Swedish artist Hilma Af Klint is a perfect example of how male artists dominate the art historical cannon. While Russian painter Wassily Kandinsky is often considered the pioneer of Abstract Expressionism, Af Klint was creating in the style for years before him. It’s only until fairly recently that she’s been of focus.
I think Af Klint was incredibly ahead of her time. This sort of colorful abstraction was unprecedented (unless of course, there are other non-Western artists that have been veiled by mainstream Art History’s centralization of European/American artists–which would not be surprising). Af Klint was an imaginative and profound spirit. An apt word to describe such a mystified, spiritual character. She was heavily involved in women-occupied spiritual spaces. In a time when such thoughts and practices were deemed nonsensical and even blasphemous, she and her “friends (let’s be real, there had to be some sapphic stuff going on there), were preoccupied with these philosophies.
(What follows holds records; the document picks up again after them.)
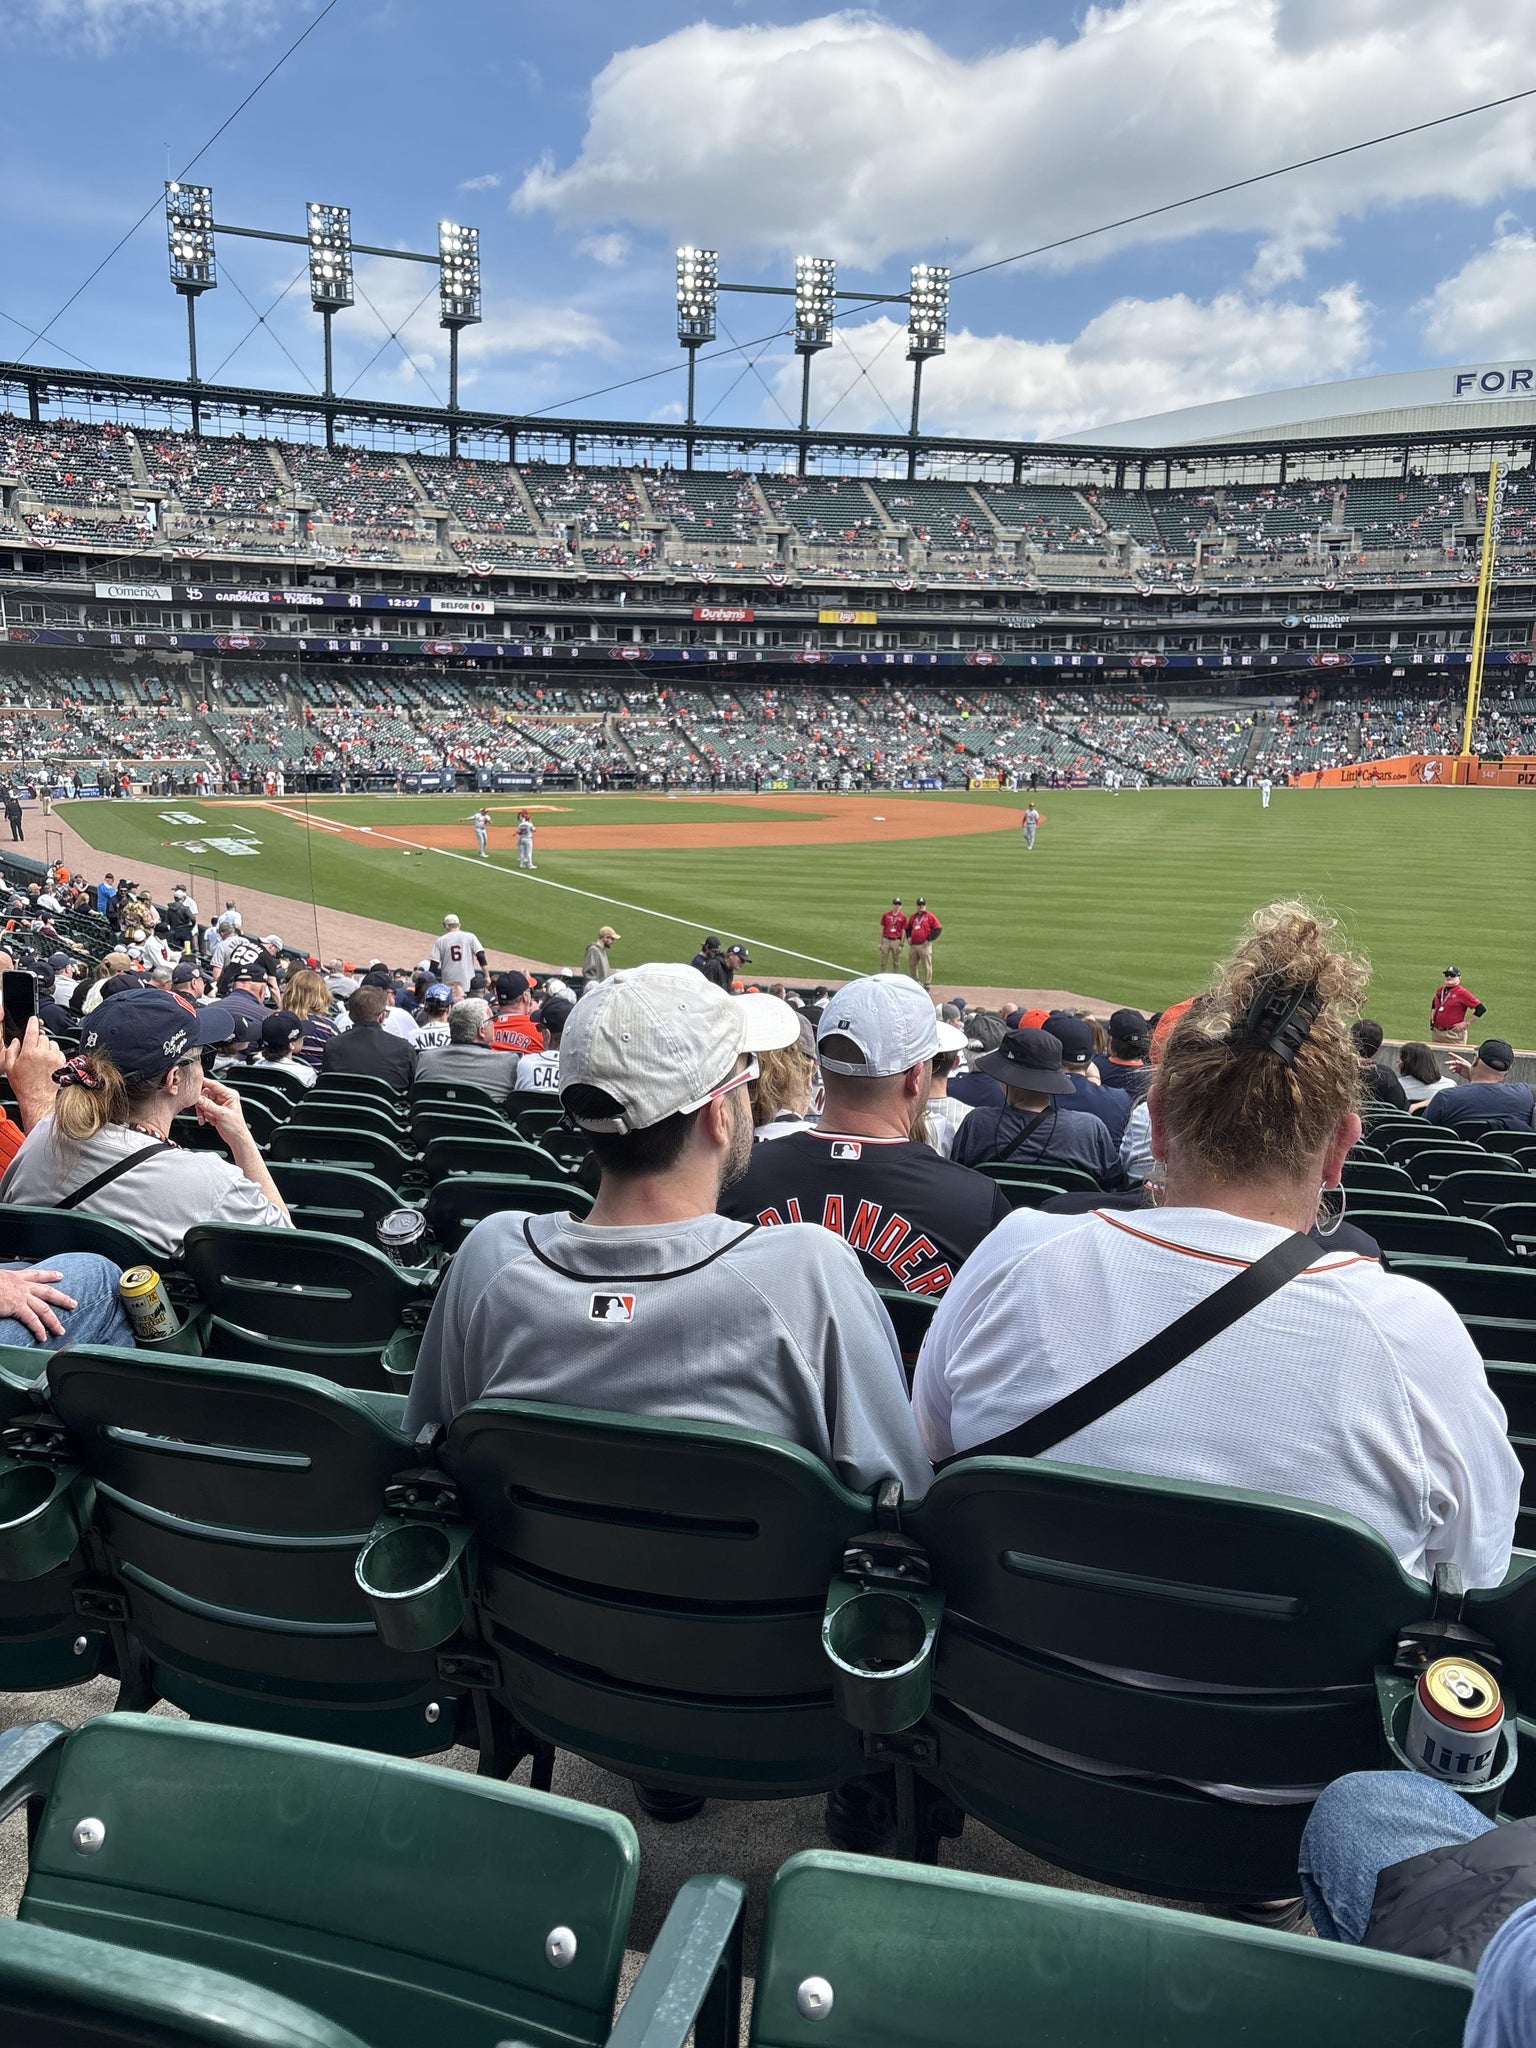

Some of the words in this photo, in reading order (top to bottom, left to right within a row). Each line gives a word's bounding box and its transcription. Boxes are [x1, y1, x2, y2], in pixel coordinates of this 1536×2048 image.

[1455, 369, 1534, 396] FOR
[1489, 479, 1508, 543] Rocket
[387, 599, 420, 608] 12:37
[440, 601, 470, 610] BELFOR
[700, 608, 746, 619] Dunham's
[1302, 614, 1351, 624] Gallagher
[230, 945, 259, 966] 29
[450, 944, 462, 962] 6
[413, 1031, 451, 1050] KINST
Af Klint became an active member of the Spiritist Literature Association–of which there is very little documentation. It’s even documented that when her sister passed, she took part in seánces and attempted to communicate with her. This woman was unapologetically curious about greater meanings and connections with otherworldly phenomena.
This fascination vividly shines throughout her oeuvre. It’s clear upon looking that the work’s biomorphic shapes connote nature, but they also ethereal and somewhat feminine about them. In The Ten Biggest, No 2, her majority pastel color palette is soft to the eye, as are her rounded shapes. The Venn diagram at the bottom makes me think of the overlap between the corporeal and the spirit. The earthly and the divine.
I was lucky enough to see Af Klint’s solo exhibition at the Guggenheim back in 2018. Most of her pieces are massive. It lends to their immersive qualities. It feels almost as if the composition surrounds you. You’re a part of this world she’s constructed. Or rather the world she’s reflecting back at you in new light.

Her work is the type that you can gaze at for hours. Okay, maybe not hours, but a long time. The interplay between forms, their complementing colors, their gentle shapes–all of it elicits this sense of tranquility. In fact, her work does a lot for the senses. It’s pleasant on the eyes. I imagine it’s smooth to the touch (don’t try unless you’re prepared to be banned from a museum for life). And if it were to make a sound, I think it would be that of a theremin. Something rather ethereal.
Some of her forms resemble eggs or cells. Genesis. A natural rebirth, or a respite from the industrialization of contemporary society. Her paintings feel hopeful. That we’ll recognize our humanity in this enduring life cycle, during which we exist only temporarily. Or do we? Someone devoted to the spiritual, as Af Klint was, may argue otherwise.
When artists create these sorts of serene artworks, I can’t help but wonder if they’re channeling that peace within themselves or they’re trying to find it. Was Af Klint portraying the world as she saw it? Or was she depicting an ideal world?